During the hearing, Colorado state refugee coordinator Kit Taintor told the committee that her office is in support of the measure. Last year, she expressed concern to Denverite that the U.S. Department of Health and Human Services might cut as much as 40 percent of their usual funding for ancillary services in the state. That didn’t end up happening, she told Denverite, because congress didn’t approve cuts outlined by White House budget plans. She’s still concerned this funding stream is in jeopardy.
But another funding source from the U.S. Department of State, which is based on the number of refugees admitted each state, did drop after the federal government decreased admittances to the lowest levels in years.
Moreno’s bill has no power to affect federal priorities, but it does allow the Colorado General Assembly to allocate state money for refugee resettlement and services if they find it necessary to do so.
Jennifer Wilson, executive director of International Rescue Committee Denver, a resettlement agency, told the committee that Coloradans across the political spectrum have long found a variety of reasons to support incoming refugees.

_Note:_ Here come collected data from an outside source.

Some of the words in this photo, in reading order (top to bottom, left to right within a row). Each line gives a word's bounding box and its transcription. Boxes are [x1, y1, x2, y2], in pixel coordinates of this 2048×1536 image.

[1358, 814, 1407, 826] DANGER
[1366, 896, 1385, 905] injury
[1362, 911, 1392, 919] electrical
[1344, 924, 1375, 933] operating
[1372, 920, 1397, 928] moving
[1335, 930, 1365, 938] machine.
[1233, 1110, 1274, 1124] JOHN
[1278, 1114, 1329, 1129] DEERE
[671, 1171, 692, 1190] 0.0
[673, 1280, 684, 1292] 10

These programs have never been partisan, she said, “and that’s part of the reason this has never been codified before. It has never been this partisan debate.”
But the bill passed the committee in a 2-3 vote along party lines. Sen. Vicki Marble, a Republican who represents Broomfield, Larimer and Weld Counties, voted no. She told Denverite the bill “seemed incomplete,” particularly because refugees could leave the state and would not be tracked.

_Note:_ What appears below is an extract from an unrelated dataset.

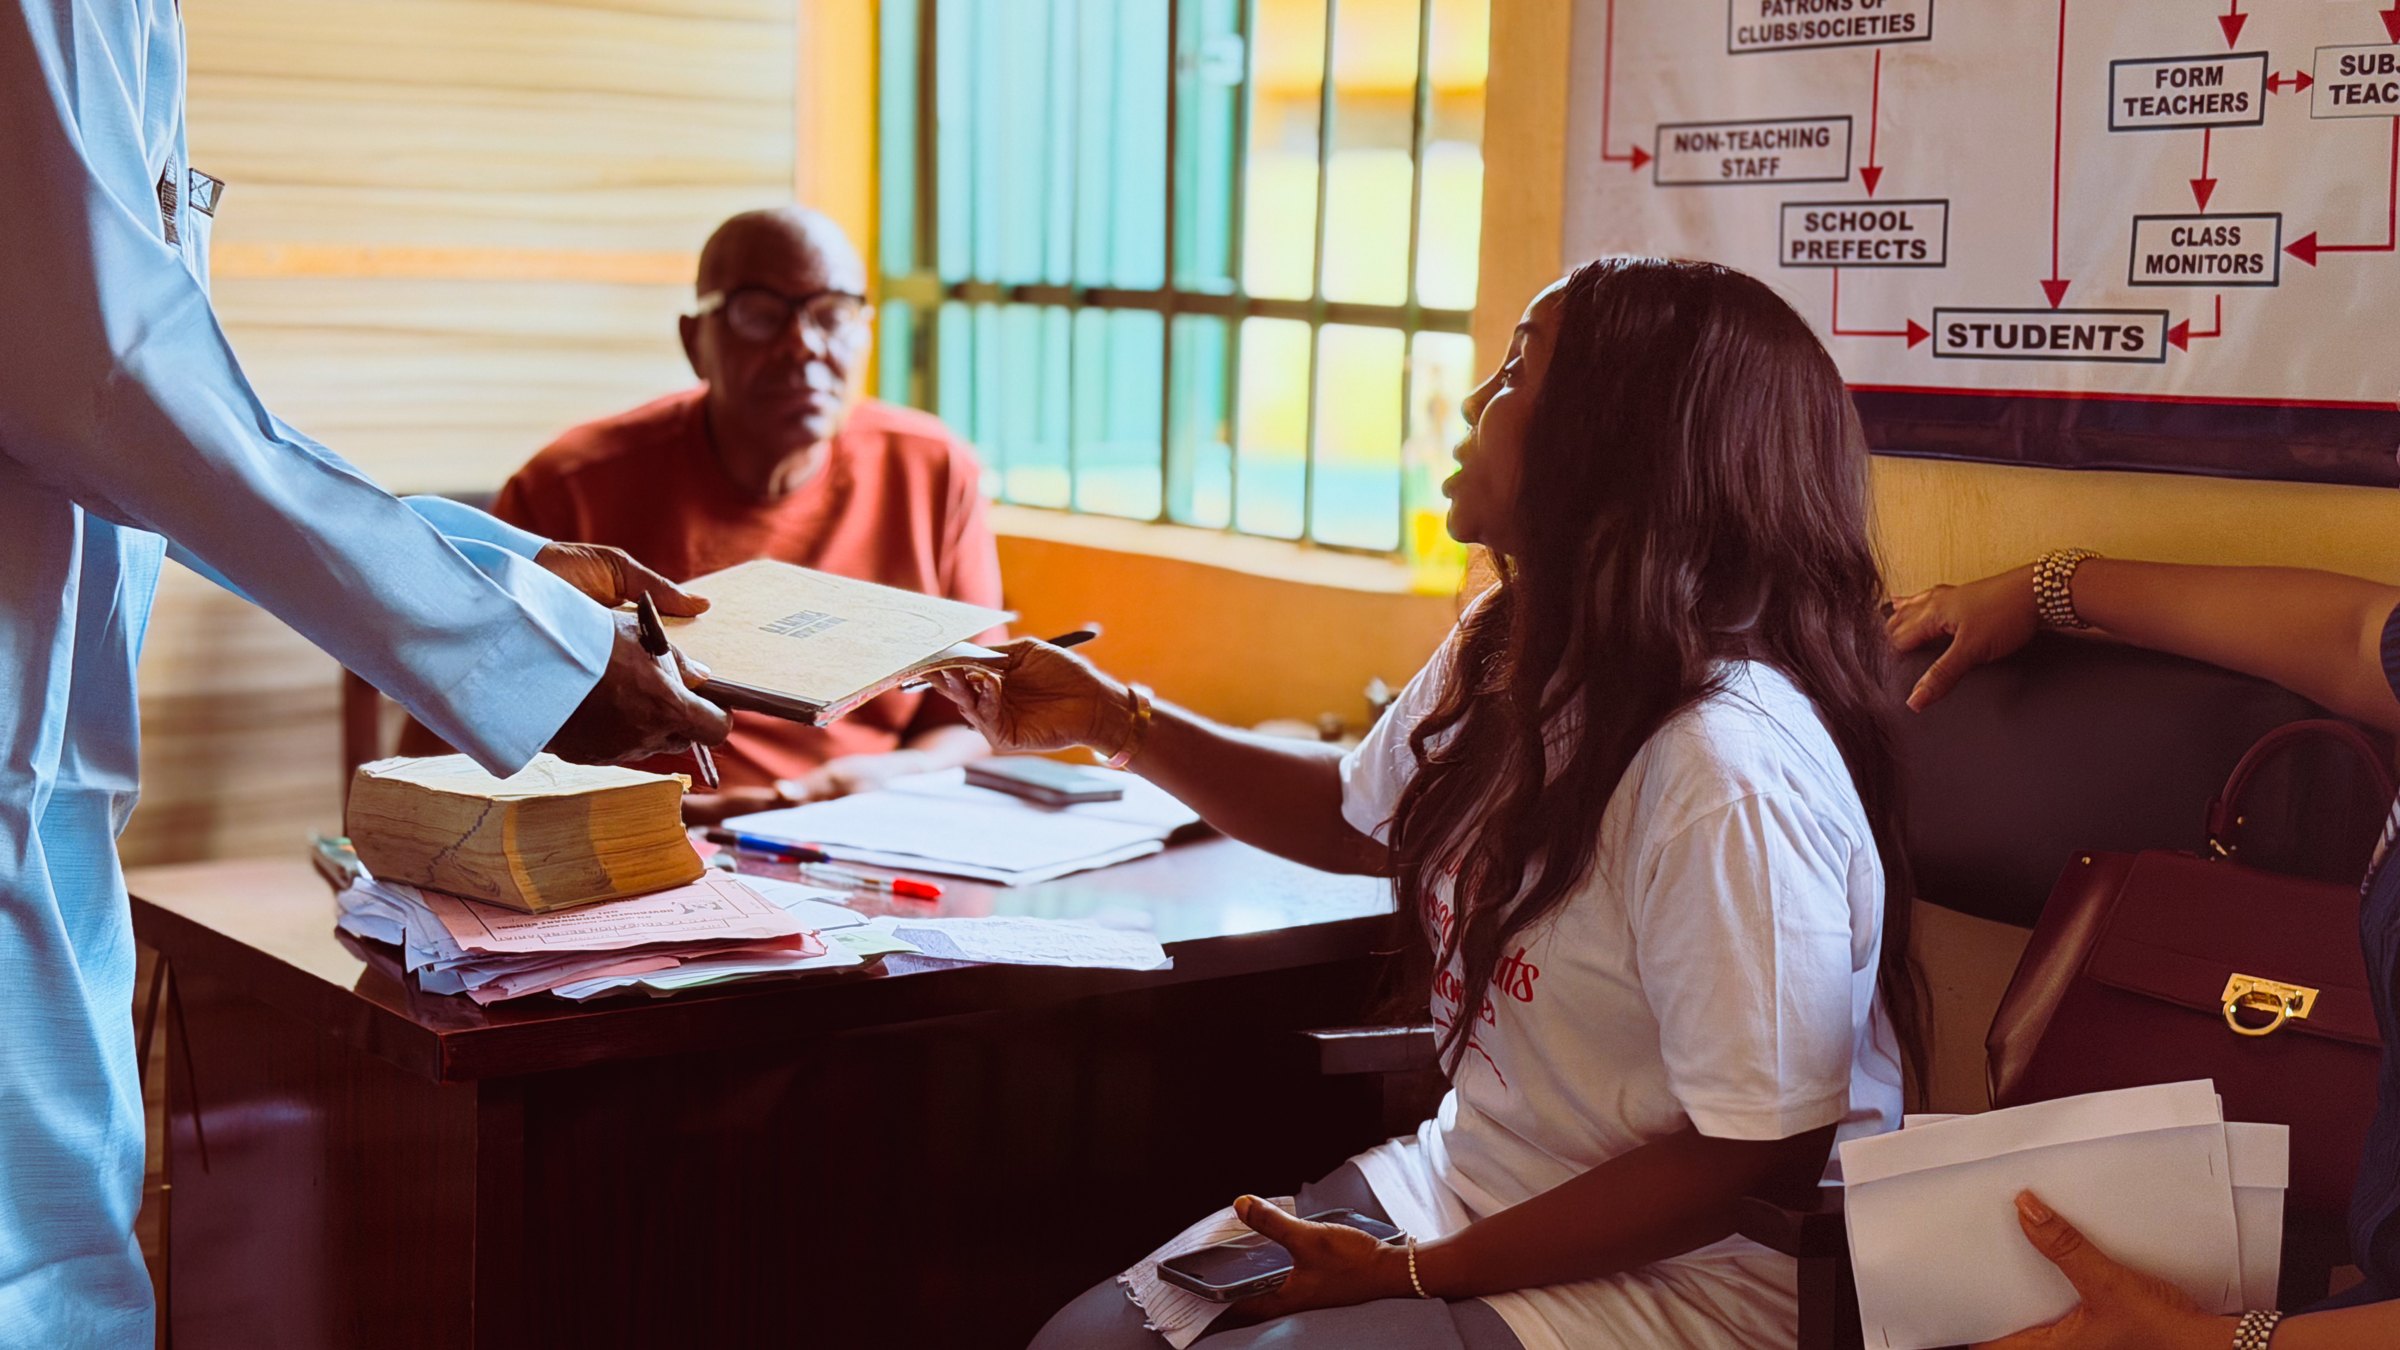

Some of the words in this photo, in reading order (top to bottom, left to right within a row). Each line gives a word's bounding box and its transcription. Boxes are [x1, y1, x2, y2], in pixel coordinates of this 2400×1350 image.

“It’s a safety issue,” she said.
Wilson said refugees are vetted long before they enter the country, and balked at Marble’s concern.
“They go through the strictest vetting process of anywhere in the world,” she said. “We don’t track people in the United States who are here legally. You have legal status, you have freedom of mobility.”

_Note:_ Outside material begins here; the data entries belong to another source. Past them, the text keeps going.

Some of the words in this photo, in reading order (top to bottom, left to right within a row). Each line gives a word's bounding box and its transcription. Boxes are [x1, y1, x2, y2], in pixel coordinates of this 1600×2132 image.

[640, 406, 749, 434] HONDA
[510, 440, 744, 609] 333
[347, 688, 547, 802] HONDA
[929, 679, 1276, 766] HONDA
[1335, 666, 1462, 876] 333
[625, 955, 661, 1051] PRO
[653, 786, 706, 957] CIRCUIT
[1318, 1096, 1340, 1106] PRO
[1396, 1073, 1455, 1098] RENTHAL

The bill will now go up for a full Senate vote.
Once upon a time, refugee funding would have made a big difference in Denver, but rising housing costs have changed where people are resettled today.
Nga Vuong-Sandoval was very young when she was forced to leave Vietnam. She recalled the journey before the committee.
“My refugee story begins with the end of the Vietnam War and the fall of Saigon. We never chose to leave our homeland. We never chose to abandon all that was familiar to us. The circumstances forced us to,” she said.
Vuong-Sandoval was one of hundreds of thousands of Vietnamese refugees to flee the country by sea, who became known as “boat people.” She spent time in two refugee camps before settling permanently in Denver.
Today, she is a community leader for the Vietnamese community — founded by older refugees in the ’60s and ’70s — who made a home along South Federal Boulevard.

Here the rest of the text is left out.